Seagate this week unveiled its new Cheetah 15K.5 (PDF), the world's fastest hard drive. The new drive is a 300GB beast, which at first doesn't seem like very impressive in terms of specifications. However, this drive spins at a blistering 15,000 RPM and at that speed, no other line of hard drive is faster.

How Seagate achieves the Cheetah's fast rotation speeds is by using platters that are actually smaller than those in standard desktop hard drives. The drives are physically similar, at 3.5-inches like most desktop hard drives, but inside the platters are small, allowing the fluid-bearing motor to whip those discs around at record speeds. The problem in the past with this is that Cheetah drives have been quite limited in size. You could use them for speed-focused applications and scenarios, but if you wanted space, you were out of luck unless more drives were purchased -- and these drives don't come cheap.

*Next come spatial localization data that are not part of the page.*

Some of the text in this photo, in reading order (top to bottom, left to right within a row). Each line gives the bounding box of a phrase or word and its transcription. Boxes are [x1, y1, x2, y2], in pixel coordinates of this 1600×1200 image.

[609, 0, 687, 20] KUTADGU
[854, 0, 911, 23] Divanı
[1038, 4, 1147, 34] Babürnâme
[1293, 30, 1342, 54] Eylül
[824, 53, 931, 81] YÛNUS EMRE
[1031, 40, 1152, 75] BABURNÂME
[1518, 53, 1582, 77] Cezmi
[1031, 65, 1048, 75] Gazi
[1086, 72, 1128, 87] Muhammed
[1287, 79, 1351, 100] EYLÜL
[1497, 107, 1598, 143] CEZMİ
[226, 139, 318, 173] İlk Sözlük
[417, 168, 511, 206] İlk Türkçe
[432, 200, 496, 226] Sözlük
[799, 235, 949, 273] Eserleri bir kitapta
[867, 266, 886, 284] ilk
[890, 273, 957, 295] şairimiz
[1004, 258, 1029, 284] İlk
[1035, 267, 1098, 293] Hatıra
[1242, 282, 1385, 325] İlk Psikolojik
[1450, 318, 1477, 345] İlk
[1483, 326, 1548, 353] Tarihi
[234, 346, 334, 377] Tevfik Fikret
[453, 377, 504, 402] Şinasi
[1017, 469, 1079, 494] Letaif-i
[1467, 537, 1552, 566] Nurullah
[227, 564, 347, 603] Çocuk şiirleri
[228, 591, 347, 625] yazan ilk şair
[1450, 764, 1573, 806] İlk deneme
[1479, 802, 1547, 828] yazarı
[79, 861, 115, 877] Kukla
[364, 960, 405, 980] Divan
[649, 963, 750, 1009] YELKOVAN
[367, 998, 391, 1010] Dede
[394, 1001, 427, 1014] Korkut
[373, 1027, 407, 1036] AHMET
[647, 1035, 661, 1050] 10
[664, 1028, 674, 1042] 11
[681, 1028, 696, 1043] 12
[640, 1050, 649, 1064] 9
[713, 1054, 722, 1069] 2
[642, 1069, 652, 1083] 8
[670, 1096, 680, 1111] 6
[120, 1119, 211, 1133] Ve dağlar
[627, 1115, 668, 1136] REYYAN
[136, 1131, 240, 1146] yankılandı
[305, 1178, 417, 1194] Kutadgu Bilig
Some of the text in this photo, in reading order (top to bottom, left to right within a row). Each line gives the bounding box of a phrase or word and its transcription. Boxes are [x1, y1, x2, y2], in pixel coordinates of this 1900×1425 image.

With the new Cheetah 15K.5, Seagate has moved the Cheetah family to perpendicular recording for the first time. This allows Seagate to pack more bits in less area, achieving greater capacities. The new line comes in 73GB, 146GB and 300GB capacities.  The following are some of the Cheetah 15K.5's specifications:
  • Max capacity: 300GB
  • Seek Time, Read/Write (average, msec.): 3.5/4.0
  • Transfer Rate, Sustained (MB/sec.): Up to 125MB/sec
  • Reliability rating at full 24x7 Operation (AFR), chance of failure: 0.62%
  • Non-recoverable Read errors per bits read: 1 sector per 10^16
  • Power consumption SCSI (Watts at idle): 12.5w (300GB), 9.6w (146GB), 8.1w (73GB)
  • Interface options: Ultra320 SCSI, 3Gbit/sec. SAS, 4Gbit/sec. Fibre Channel
  • Warranty (years): 5
Seagate's Cheetah family of drives is also known to have very high reliability ratings. Seagate usually labels them as having over 1.5 million hours of solid operation before failure, or MTBF (mean time before failure).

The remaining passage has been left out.